- WHAT TO PRODUCE
Please set down the data word for word; images do not go in the copy.

- MATERIAL PROVIDED
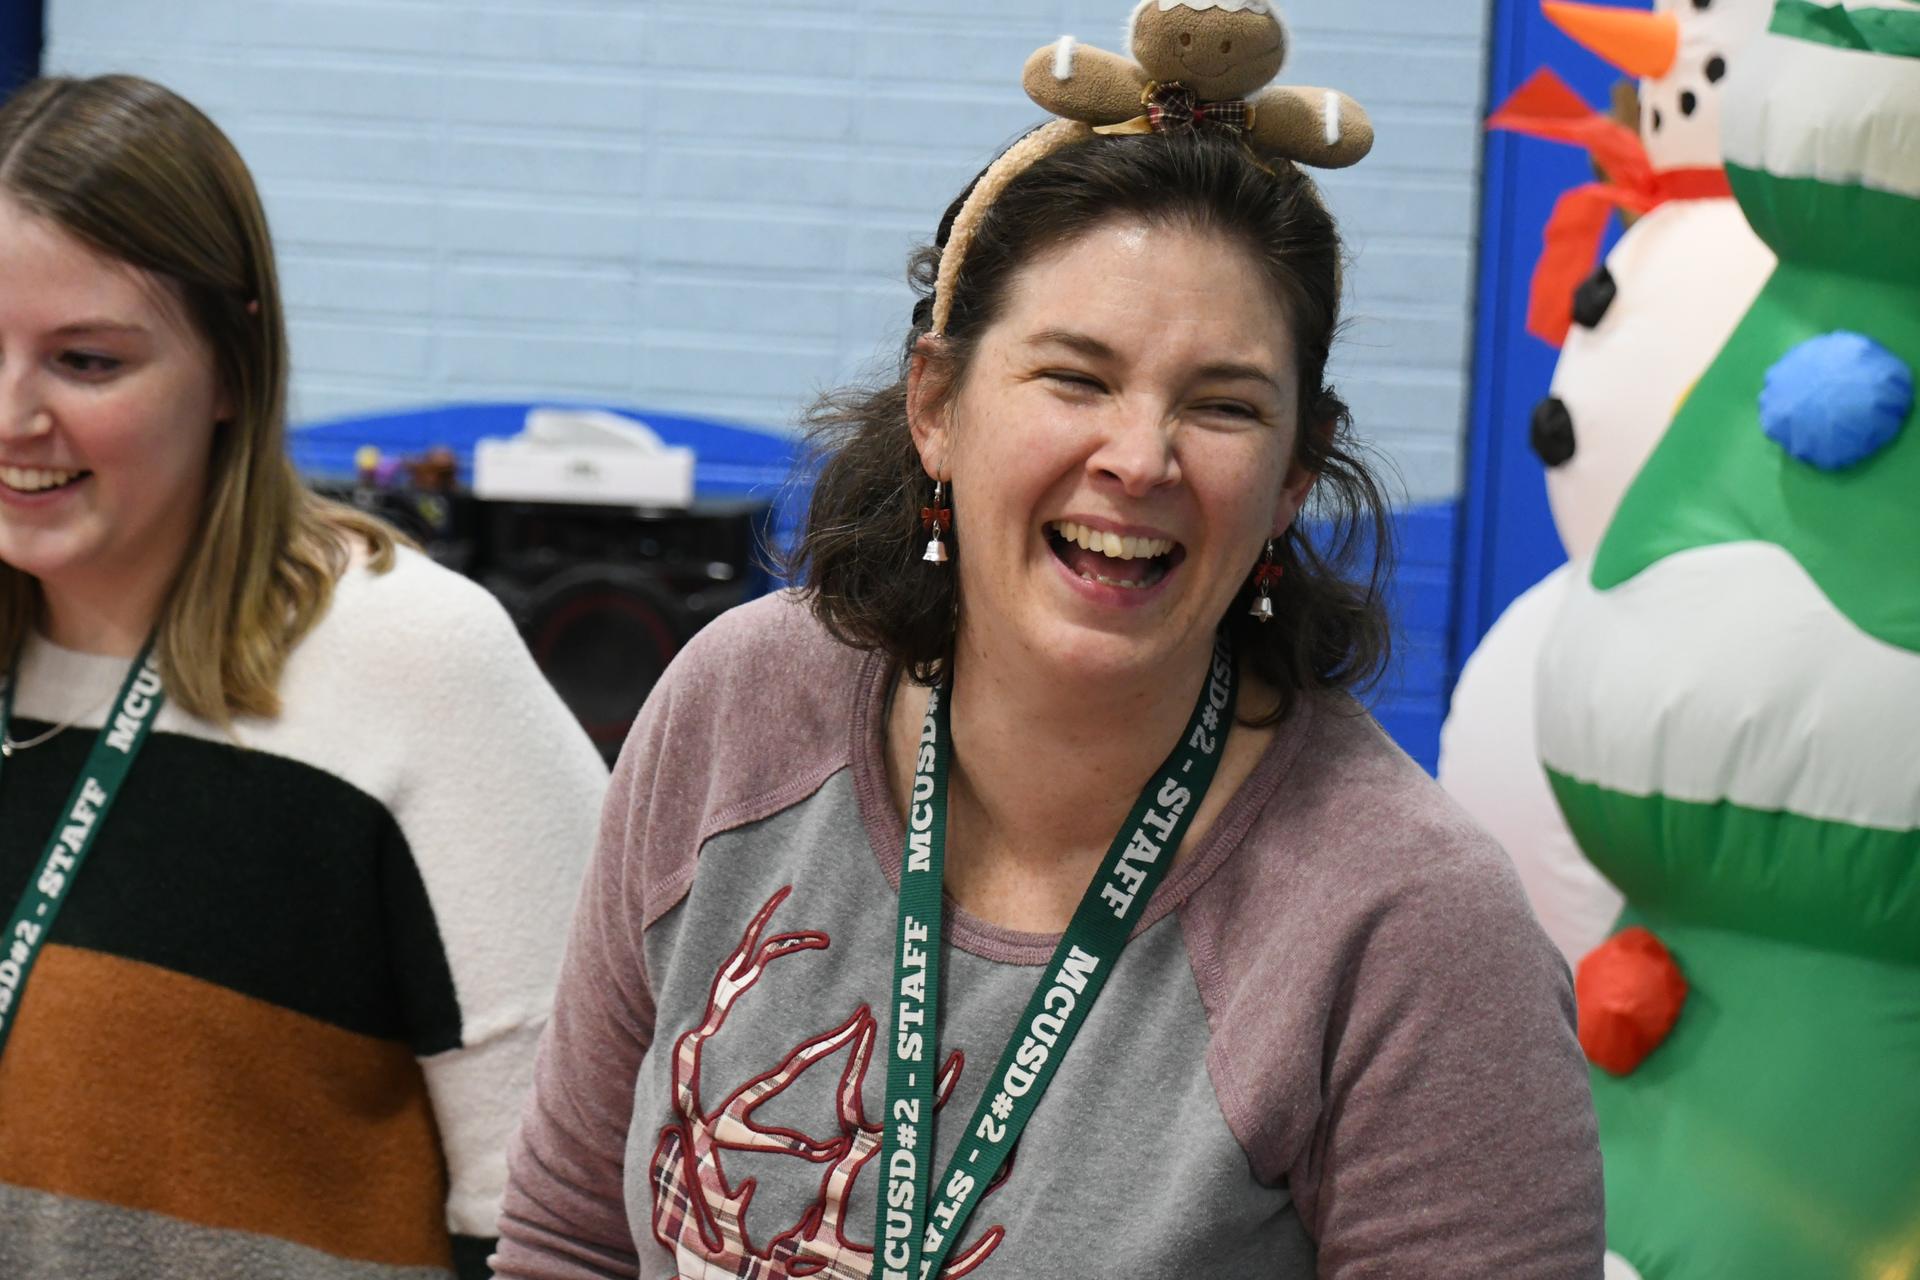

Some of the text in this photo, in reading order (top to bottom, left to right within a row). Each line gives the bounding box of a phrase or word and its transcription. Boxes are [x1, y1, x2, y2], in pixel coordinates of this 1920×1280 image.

[1188, 638, 1231, 754] USD#2
[908, 683, 942, 872] MCUSD#
[1182, 759, 1193, 772] -
[38, 777, 106, 899] STAFF
[1100, 777, 1191, 919] STAFF
[36, 902, 47, 917] -
[0, 919, 41, 1031] SD#2
[897, 916, 928, 1061] STAFF
[976, 945, 1099, 1143] MCUSD#2
[969, 1149, 979, 1162] -

- OUTPUT FOR THIS TASK
Some of the text in this photo, in reading order (top to bottom, left to right within a row). Each line gives the bounding box of a phrase or word and its transcription. Boxes are [x1, y1, x2, y2], in pixel coordinates of this 1920×1280 image.

[1188, 638, 1231, 754] USD#2
[908, 683, 942, 872] MCUSD#
[1182, 759, 1193, 772] -
[38, 777, 106, 899] STAFF
[1100, 777, 1191, 919] STAFF
[36, 902, 47, 917] -
[0, 919, 41, 1031] SD#2
[897, 916, 928, 1061] STAFF
[976, 945, 1099, 1143] MCUSD#2
[969, 1149, 979, 1162] -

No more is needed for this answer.